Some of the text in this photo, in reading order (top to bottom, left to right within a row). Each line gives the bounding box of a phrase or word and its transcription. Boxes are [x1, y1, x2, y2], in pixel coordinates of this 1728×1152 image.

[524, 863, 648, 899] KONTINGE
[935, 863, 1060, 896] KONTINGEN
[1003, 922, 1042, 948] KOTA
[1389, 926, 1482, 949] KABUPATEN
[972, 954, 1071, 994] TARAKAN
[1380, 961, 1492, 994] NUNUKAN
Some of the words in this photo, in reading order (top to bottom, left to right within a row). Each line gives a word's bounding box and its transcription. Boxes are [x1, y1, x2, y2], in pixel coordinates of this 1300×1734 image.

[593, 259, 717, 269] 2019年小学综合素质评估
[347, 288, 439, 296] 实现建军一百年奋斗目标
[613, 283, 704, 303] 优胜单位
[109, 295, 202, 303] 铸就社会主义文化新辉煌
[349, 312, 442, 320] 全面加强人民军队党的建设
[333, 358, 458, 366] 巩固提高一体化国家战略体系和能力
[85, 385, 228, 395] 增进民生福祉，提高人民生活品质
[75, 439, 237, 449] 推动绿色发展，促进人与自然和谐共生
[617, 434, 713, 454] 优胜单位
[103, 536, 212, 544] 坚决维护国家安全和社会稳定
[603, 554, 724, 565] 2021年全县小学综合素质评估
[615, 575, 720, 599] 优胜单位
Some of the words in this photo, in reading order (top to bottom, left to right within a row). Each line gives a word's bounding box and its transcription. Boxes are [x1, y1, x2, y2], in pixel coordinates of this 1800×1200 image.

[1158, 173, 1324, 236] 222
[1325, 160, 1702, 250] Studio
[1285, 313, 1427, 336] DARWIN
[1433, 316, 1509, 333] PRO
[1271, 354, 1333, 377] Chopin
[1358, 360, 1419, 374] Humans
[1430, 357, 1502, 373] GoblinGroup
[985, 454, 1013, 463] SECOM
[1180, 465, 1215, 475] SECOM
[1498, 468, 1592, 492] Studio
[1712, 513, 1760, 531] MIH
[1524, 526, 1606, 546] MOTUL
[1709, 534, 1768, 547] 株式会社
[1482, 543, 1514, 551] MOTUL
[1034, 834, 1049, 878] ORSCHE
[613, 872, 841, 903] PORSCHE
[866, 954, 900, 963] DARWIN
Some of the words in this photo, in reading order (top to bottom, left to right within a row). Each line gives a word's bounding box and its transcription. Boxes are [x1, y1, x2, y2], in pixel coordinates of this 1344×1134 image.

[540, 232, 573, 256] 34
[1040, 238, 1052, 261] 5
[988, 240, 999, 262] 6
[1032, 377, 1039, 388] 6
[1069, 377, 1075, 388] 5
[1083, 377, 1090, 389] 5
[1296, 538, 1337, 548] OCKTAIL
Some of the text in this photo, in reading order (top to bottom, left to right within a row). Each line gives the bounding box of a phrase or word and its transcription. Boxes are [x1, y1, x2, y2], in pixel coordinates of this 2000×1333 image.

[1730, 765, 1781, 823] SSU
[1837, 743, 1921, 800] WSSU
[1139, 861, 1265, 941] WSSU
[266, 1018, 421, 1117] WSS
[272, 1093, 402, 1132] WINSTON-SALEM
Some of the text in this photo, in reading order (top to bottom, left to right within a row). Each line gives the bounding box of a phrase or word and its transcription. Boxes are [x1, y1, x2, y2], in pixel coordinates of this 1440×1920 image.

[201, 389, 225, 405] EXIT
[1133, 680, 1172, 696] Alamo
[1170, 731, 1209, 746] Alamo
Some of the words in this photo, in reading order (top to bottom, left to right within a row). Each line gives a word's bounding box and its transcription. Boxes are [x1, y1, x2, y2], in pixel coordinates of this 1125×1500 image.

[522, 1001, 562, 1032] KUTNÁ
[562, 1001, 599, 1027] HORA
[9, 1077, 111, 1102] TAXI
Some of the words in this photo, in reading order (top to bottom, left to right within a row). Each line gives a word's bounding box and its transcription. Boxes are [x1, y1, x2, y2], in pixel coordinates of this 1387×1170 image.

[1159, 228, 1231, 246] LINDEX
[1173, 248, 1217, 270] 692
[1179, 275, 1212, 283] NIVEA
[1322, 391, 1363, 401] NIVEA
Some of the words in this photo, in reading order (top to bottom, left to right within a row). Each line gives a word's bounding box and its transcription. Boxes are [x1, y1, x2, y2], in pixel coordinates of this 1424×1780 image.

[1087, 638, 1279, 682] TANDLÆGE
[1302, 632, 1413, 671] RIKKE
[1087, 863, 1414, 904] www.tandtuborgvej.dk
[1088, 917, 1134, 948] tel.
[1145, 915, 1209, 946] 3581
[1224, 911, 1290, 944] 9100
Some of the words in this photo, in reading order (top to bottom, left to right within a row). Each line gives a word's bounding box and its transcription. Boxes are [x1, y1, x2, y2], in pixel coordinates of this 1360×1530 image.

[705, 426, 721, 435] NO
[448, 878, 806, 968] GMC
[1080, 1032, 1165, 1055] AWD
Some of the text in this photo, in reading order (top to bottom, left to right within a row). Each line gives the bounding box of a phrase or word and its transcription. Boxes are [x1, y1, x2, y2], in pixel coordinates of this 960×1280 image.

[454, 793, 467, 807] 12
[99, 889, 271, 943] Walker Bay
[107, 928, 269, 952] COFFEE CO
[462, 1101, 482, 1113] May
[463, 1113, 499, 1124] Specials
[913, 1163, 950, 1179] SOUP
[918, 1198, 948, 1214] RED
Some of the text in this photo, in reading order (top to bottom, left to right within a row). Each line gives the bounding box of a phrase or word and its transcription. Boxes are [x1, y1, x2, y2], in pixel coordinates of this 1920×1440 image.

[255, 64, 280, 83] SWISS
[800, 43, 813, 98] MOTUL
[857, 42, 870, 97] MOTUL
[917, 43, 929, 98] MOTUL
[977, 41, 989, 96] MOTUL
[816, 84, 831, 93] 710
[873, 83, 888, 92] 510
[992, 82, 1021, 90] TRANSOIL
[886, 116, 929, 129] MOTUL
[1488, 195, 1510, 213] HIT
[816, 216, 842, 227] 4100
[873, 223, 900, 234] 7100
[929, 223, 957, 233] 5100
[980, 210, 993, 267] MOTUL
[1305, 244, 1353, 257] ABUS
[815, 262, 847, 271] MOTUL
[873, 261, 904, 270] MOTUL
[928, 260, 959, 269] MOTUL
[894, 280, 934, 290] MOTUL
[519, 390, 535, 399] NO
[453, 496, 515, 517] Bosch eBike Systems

ASSIGNMENT: Output the listing above in full. Every line must match.

ANSWER SPACE:
Some of the text in this photo, in reading order (top to bottom, left to right within a row). Each line gives the bounding box of a phrase or word and its transcription. Boxes are [x1, y1, x2, y2], in pixel coordinates of this 1728×1152 image.

[524, 863, 648, 899] KONTINGE
[935, 863, 1060, 896] KONTINGEN
[1003, 922, 1042, 948] KOTA
[1389, 926, 1482, 949] KABUPATEN
[972, 954, 1071, 994] TARAKAN
[1380, 961, 1492, 994] NUNUKAN
Some of the words in this photo, in reading order (top to bottom, left to right within a row). Each line gives a word's bounding box and its transcription. Boxes are [x1, y1, x2, y2], in pixel coordinates of this 1300×1734 image.

[593, 259, 717, 269] 2019年小学综合素质评估
[347, 288, 439, 296] 实现建军一百年奋斗目标
[613, 283, 704, 303] 优胜单位
[109, 295, 202, 303] 铸就社会主义文化新辉煌
[349, 312, 442, 320] 全面加强人民军队党的建设
[333, 358, 458, 366] 巩固提高一体化国家战略体系和能力
[85, 385, 228, 395] 增进民生福祉，提高人民生活品质
[75, 439, 237, 449] 推动绿色发展，促进人与自然和谐共生
[617, 434, 713, 454] 优胜单位
[103, 536, 212, 544] 坚决维护国家安全和社会稳定
[603, 554, 724, 565] 2021年全县小学综合素质评估
[615, 575, 720, 599] 优胜单位
Some of the words in this photo, in reading order (top to bottom, left to right within a row). Each line gives a word's bounding box and its transcription. Boxes are [x1, y1, x2, y2], in pixel coordinates of this 1800×1200 image.

[1158, 173, 1324, 236] 222
[1325, 160, 1702, 250] Studio
[1285, 313, 1427, 336] DARWIN
[1433, 316, 1509, 333] PRO
[1271, 354, 1333, 377] Chopin
[1358, 360, 1419, 374] Humans
[1430, 357, 1502, 373] GoblinGroup
[985, 454, 1013, 463] SECOM
[1180, 465, 1215, 475] SECOM
[1498, 468, 1592, 492] Studio
[1712, 513, 1760, 531] MIH
[1524, 526, 1606, 546] MOTUL
[1709, 534, 1768, 547] 株式会社
[1482, 543, 1514, 551] MOTUL
[1034, 834, 1049, 878] ORSCHE
[613, 872, 841, 903] PORSCHE
[866, 954, 900, 963] DARWIN
Some of the words in this photo, in reading order (top to bottom, left to right within a row). Each line gives a word's bounding box and its transcription. Boxes are [x1, y1, x2, y2], in pixel coordinates of this 1344×1134 image.

[540, 232, 573, 256] 34
[1040, 238, 1052, 261] 5
[988, 240, 999, 262] 6
[1032, 377, 1039, 388] 6
[1069, 377, 1075, 388] 5
[1083, 377, 1090, 389] 5
[1296, 538, 1337, 548] OCKTAIL
Some of the text in this photo, in reading order (top to bottom, left to right within a row). Each line gives the bounding box of a phrase or word and its transcription. Boxes are [x1, y1, x2, y2], in pixel coordinates of this 2000×1333 image.

[1730, 765, 1781, 823] SSU
[1837, 743, 1921, 800] WSSU
[1139, 861, 1265, 941] WSSU
[266, 1018, 421, 1117] WSS
[272, 1093, 402, 1132] WINSTON-SALEM
Some of the text in this photo, in reading order (top to bottom, left to right within a row). Each line gives the bounding box of a phrase or word and its transcription. Boxes are [x1, y1, x2, y2], in pixel coordinates of this 1440×1920 image.

[201, 389, 225, 405] EXIT
[1133, 680, 1172, 696] Alamo
[1170, 731, 1209, 746] Alamo
Some of the words in this photo, in reading order (top to bottom, left to right within a row). Each line gives a word's bounding box and its transcription. Boxes are [x1, y1, x2, y2], in pixel coordinates of this 1125×1500 image.

[522, 1001, 562, 1032] KUTNÁ
[562, 1001, 599, 1027] HORA
[9, 1077, 111, 1102] TAXI
Some of the words in this photo, in reading order (top to bottom, left to right within a row). Each line gives a word's bounding box and its transcription. Boxes are [x1, y1, x2, y2], in pixel coordinates of this 1387×1170 image.

[1159, 228, 1231, 246] LINDEX
[1173, 248, 1217, 270] 692
[1179, 275, 1212, 283] NIVEA
[1322, 391, 1363, 401] NIVEA
Some of the words in this photo, in reading order (top to bottom, left to right within a row). Each line gives a word's bounding box and its transcription. Boxes are [x1, y1, x2, y2], in pixel coordinates of this 1424×1780 image.

[1087, 638, 1279, 682] TANDLÆGE
[1302, 632, 1413, 671] RIKKE
[1087, 863, 1414, 904] www.tandtuborgvej.dk
[1088, 917, 1134, 948] tel.
[1145, 915, 1209, 946] 3581
[1224, 911, 1290, 944] 9100
Some of the words in this photo, in reading order (top to bottom, left to right within a row). Each line gives a word's bounding box and its transcription. Boxes are [x1, y1, x2, y2], in pixel coordinates of this 1360×1530 image.

[705, 426, 721, 435] NO
[448, 878, 806, 968] GMC
[1080, 1032, 1165, 1055] AWD
Some of the text in this photo, in reading order (top to bottom, left to right within a row). Each line gives the bounding box of a phrase or word and its transcription. Boxes are [x1, y1, x2, y2], in pixel coordinates of this 960×1280 image.

[454, 793, 467, 807] 12
[99, 889, 271, 943] Walker Bay
[107, 928, 269, 952] COFFEE CO
[462, 1101, 482, 1113] May
[463, 1113, 499, 1124] Specials
[913, 1163, 950, 1179] SOUP
[918, 1198, 948, 1214] RED
Some of the text in this photo, in reading order (top to bottom, left to right within a row). Each line gives the bounding box of a phrase or word and its transcription. Boxes are [x1, y1, x2, y2], in pixel coordinates of this 1920×1440 image.

[255, 64, 280, 83] SWISS
[800, 43, 813, 98] MOTUL
[857, 42, 870, 97] MOTUL
[917, 43, 929, 98] MOTUL
[977, 41, 989, 96] MOTUL
[816, 84, 831, 93] 710
[873, 83, 888, 92] 510
[992, 82, 1021, 90] TRANSOIL
[886, 116, 929, 129] MOTUL
[1488, 195, 1510, 213] HIT
[816, 216, 842, 227] 4100
[873, 223, 900, 234] 7100
[929, 223, 957, 233] 5100
[980, 210, 993, 267] MOTUL
[1305, 244, 1353, 257] ABUS
[815, 262, 847, 271] MOTUL
[873, 261, 904, 270] MOTUL
[928, 260, 959, 269] MOTUL
[894, 280, 934, 290] MOTUL
[519, 390, 535, 399] NO
[453, 496, 515, 517] Bosch eBike Systems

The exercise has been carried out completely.